2ème type de plateforme : les plateformes ouvertes
Un deuxième type de plateforme est constitué de plateformes ouvertes, c’est-à-dire non liées à un corpus de documents.
Une des plus connues et des plus « à la mode » actuellement est ORCID sur laquelle nous reviendrons. L’un des inconvénients majeurs dans ce cas, est que l’inscription est ouverte à tous, même à ceux qui n’ont rien publié ou qui ne souhaitent pas l’indiquer.
3ème type de plateforme : les plateformes qui récupèrent du contenu externe
Il existe aussi des cas intermédiaires où les plateformes moissonnent des données d’autres sites, par exemple des fichiers d’autorité, mais les signalements qu’on y trouve sont souvent incomplets.
On voit donc que la situation est très diversifiée. Il existe, en fait, un grand nombre de plateformes de recensement d’auteurs/chercheurs fondées sur des principes différents tant au niveau de leur alimentation que des informations proposées.
Bien sûr, un même auteur/chercheur peut être référencé sur plusieurs plateformes.
C’est ainsi qu’un agrégé français d’histoire et ingénieur de recherche au CNRS, possède un identifiant dans pas moins de dix systèmes différents, sachant que certains systèmes ont l’obligeance d’indiquer son identifiant dans au moins une partie des autres.
Même si nombre de chercheurs n’ont pas fait de démarche active pour figurer dans ces répertoires ouverts, on ne peut que les encourager à le faire car il paraît souvent opportun de favoriser sa propre visibilité.

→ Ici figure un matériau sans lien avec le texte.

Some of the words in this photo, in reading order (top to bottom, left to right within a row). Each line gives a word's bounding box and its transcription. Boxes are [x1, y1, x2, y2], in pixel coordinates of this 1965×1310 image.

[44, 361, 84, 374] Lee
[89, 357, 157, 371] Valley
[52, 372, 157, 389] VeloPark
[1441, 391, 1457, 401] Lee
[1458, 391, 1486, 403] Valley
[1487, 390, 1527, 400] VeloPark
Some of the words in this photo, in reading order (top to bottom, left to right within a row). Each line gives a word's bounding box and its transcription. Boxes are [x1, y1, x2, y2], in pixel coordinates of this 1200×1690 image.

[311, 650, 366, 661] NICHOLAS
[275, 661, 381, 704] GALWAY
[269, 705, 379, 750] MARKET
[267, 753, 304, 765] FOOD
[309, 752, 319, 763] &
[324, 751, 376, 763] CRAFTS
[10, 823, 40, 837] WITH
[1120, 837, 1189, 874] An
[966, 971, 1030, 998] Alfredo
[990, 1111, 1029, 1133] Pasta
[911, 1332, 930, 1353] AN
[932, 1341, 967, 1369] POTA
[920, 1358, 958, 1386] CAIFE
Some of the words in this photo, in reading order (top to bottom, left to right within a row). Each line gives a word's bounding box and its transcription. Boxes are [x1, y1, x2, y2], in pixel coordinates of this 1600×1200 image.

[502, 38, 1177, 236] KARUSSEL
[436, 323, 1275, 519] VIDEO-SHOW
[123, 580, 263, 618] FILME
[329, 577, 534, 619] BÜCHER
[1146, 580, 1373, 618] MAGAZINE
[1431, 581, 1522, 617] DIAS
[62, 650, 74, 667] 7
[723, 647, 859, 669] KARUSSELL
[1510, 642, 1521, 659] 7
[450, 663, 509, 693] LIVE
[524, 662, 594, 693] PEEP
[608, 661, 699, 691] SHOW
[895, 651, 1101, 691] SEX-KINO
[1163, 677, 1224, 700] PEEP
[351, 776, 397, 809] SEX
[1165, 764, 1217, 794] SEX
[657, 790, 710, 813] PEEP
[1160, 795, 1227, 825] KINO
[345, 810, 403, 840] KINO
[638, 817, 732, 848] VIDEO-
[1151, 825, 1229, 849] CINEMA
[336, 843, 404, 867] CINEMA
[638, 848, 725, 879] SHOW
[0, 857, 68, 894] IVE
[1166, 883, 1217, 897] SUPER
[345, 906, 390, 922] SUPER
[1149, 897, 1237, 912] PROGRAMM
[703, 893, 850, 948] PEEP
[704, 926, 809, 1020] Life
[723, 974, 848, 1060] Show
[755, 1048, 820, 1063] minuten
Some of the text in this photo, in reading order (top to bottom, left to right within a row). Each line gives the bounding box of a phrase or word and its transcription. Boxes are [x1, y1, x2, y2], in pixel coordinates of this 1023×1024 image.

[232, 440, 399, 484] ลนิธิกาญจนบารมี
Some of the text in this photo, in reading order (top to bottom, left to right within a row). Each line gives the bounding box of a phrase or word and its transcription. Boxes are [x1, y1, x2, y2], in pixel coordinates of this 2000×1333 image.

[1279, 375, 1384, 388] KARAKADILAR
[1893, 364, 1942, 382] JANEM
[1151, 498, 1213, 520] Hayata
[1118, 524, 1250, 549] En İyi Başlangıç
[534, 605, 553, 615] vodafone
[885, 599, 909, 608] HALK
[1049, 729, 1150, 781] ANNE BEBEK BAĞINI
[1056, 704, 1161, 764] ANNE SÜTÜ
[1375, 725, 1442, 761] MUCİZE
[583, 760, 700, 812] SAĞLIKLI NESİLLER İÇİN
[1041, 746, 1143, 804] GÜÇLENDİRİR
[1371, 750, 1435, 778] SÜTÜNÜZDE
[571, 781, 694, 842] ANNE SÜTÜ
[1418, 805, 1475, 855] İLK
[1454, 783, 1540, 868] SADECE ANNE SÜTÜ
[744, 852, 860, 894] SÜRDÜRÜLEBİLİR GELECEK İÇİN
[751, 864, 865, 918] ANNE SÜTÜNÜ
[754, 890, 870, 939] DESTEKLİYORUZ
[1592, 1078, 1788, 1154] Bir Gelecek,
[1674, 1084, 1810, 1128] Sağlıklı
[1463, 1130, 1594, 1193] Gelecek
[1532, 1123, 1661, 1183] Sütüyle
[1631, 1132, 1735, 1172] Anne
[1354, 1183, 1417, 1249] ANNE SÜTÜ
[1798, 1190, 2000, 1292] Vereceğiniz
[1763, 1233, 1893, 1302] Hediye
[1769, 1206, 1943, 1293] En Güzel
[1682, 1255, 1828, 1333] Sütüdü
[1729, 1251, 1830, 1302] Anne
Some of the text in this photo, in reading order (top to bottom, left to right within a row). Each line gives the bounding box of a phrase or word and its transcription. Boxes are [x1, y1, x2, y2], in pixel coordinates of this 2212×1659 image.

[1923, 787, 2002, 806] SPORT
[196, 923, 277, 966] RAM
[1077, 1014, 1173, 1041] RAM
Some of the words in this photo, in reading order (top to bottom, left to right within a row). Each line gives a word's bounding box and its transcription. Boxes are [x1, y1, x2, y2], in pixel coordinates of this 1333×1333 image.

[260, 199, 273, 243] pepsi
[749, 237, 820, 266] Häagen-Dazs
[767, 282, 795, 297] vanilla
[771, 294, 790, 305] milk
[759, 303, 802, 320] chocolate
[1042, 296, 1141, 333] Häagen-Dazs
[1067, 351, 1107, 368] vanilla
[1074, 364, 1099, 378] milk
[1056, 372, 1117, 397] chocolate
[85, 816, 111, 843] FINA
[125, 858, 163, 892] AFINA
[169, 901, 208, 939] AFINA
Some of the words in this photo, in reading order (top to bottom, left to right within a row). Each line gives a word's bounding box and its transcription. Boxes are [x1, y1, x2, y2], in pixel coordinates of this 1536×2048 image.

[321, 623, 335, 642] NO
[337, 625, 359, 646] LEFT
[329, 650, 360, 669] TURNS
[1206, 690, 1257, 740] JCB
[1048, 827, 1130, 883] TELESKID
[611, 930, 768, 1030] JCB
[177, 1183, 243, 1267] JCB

Pour ceux qui souhaitent gérer au mieux la création de leurs profils on recommandera la lecture attentive de la plaquette : « Utiliser un identifiant chercheur pour gérer ses publications en 12 points » publiée par Marie-Claude Deboin, de la Délégation à l’information scientifique et technique du CIRAD dont la dernière mise à jour date du 15 février 2021 (3).
Elle recommande, à juste titre, à un auteur/chercheur de commencer par créer un identifiant ORCID.
Zoom sur ORCID, le plus connu
ORCID est l’abréviation de « Open Researcher and Contributor ID ». Il s’agit d’une organisation internationale, interdisciplinaire, ouverte, sans but lucratif qui est financée par ses organisations membres (associations, financeurs, éditeurs, organismes de recherche…). Elle a été créée en octobre 2012 par la communauté des chercheurs pour rendre service aux chercheurs et aux organisations contribuant à l’écosystème de la recherche.
Concrètement, chaque chercheur qui s’inscrit se voit attribuer gratuitement et de façon pérenne un identifiant unique auquel est lié un fichier dans lequel il peut faire figurer toute une série d’éléments : institutions successives d’affiliations, cursus d’enseignement, récompenses reçues, adhésion à des organisations, projets financés, publications, incluant les brevets, etc. Chacune de ces informations peut, au choix de l’auteur, être : librement accessible, réservée à certains organismes désignés ou seulement ouverte à l’auteur lui-même.
Cette identification ORCID est de plus en plus souvent imposée par des éditeurs, tels que Elsevier ou Springer ainsi que par certaines publications.
De plus, des liens existent avec certains sites ou agrégateurs de données scientifiques, permettant, par exemple, de transférer automatiquement certaines données de cette plateforme vers ORCID.
Quels volumes pour ORCID ?
Aujourd’hui, il existe plus de 11 millions de profils ORCID, mais malgré l’importance du chiffre, cet identifiant n’est pas autant utilisé que l’on pourrait le croire.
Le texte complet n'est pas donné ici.